Introduction: The majority of Psoriatic Arthritis patients experience a good clinical response to anti-Tumor Necrosis Factor (TNF)-α therapies. However, treatment failure with anti-TNF-α can represent a relevant clinical problem.
Areas covered: We review the efficacy and safety profile of biological therapies that have been reported from randomized, controlled trials in phase II and phase III available in Pubmed Database for agents targeting IL-12/23p40 antibody (ustekinumab) and IL-17 (secukinumab), inhibitor of phosphodiesterase 4, (apremilast), and of JAK/STAT pathways (tofacitinib) and CTLA4 co-stimulation (abatacept) in Psoriatic Arthritis.

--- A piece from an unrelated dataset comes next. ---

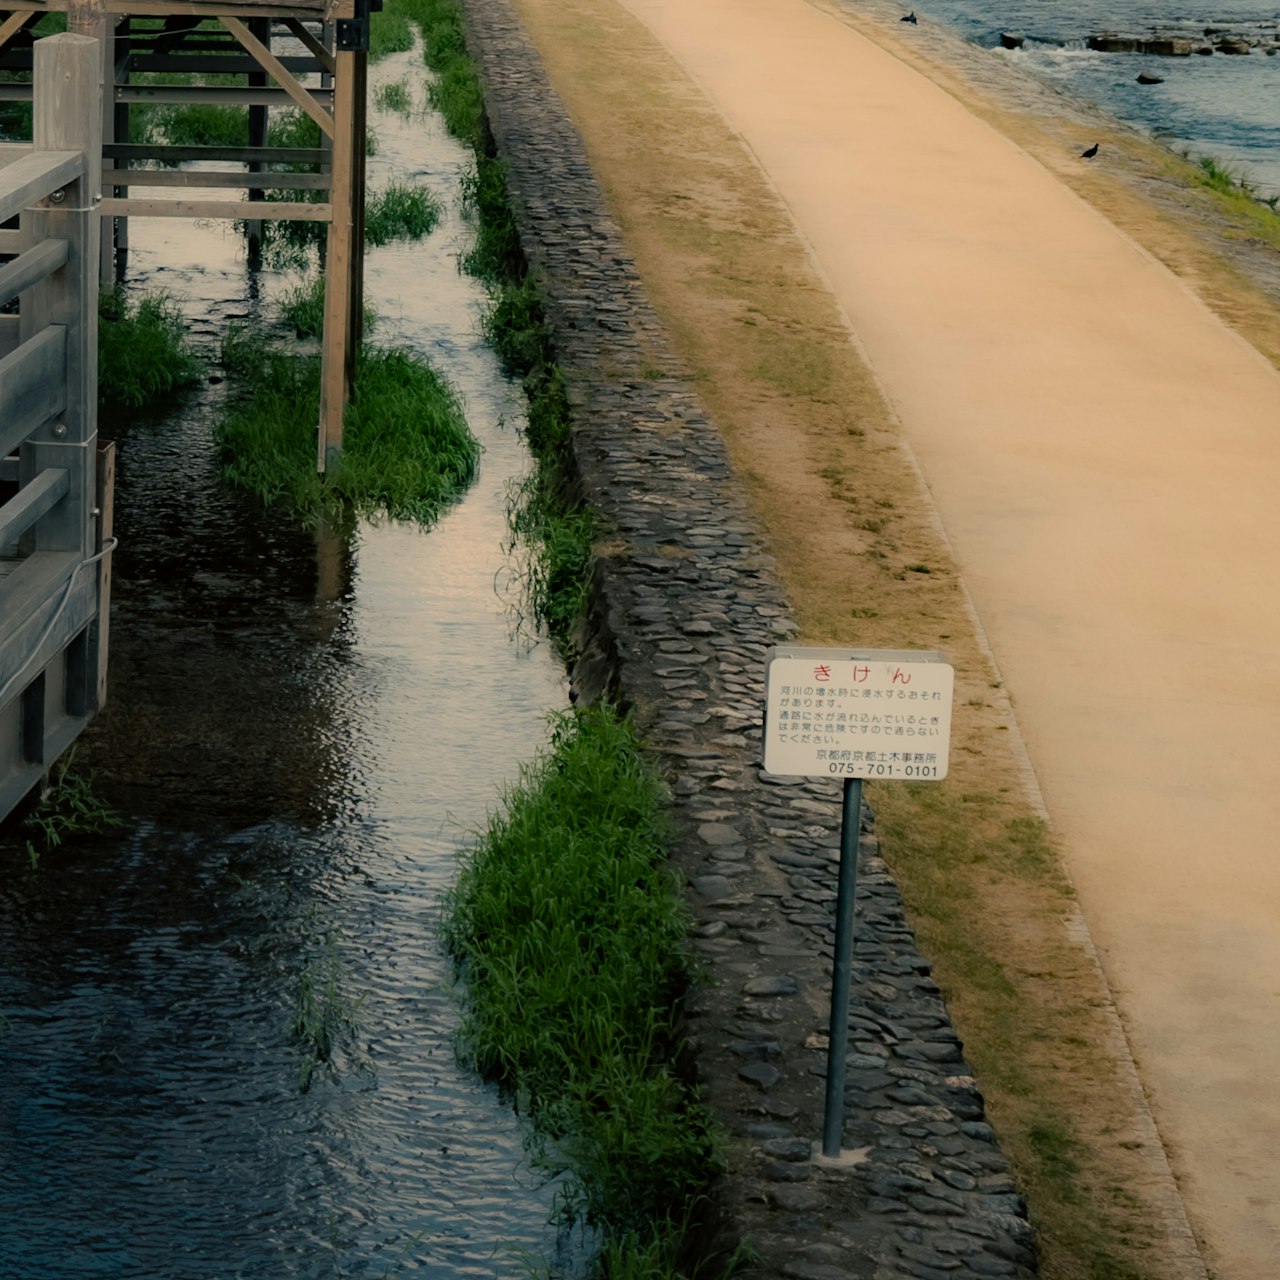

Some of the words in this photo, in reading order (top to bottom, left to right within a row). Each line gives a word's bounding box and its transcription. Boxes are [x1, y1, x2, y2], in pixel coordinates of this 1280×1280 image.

Expert opinion: In Psoriatic Arthritis, main emerging drugs are represented by the fully human monoclonal IL-12/23p40 antibody, ustekinumab, the agent targeting IL-17, secukinumab, and the inhibitor of phosphodiesterase 4, apremilast. Results on T cell co-stimulation inhibition by abatacept are insufficient both in psoriasis and in PsA. In vitro investigations on JAK/STAT pathways in PsA suggest that tofacitinib could represent a further valuable therapeutic option. Emerging biological treatments other than anti-TNF agents, ustekinumab, secukinumab and apremilast appear promising for Psoriatic Arthritis and recent studies have showed a good efficacy and an acceptable safety profile; however, further and long-term studies are advocated.
Keywords: Abatacept; apremilast; ixekizumab; psoriatic arthritis; secukinumab; therapy; tofacitinib; ustekinumab.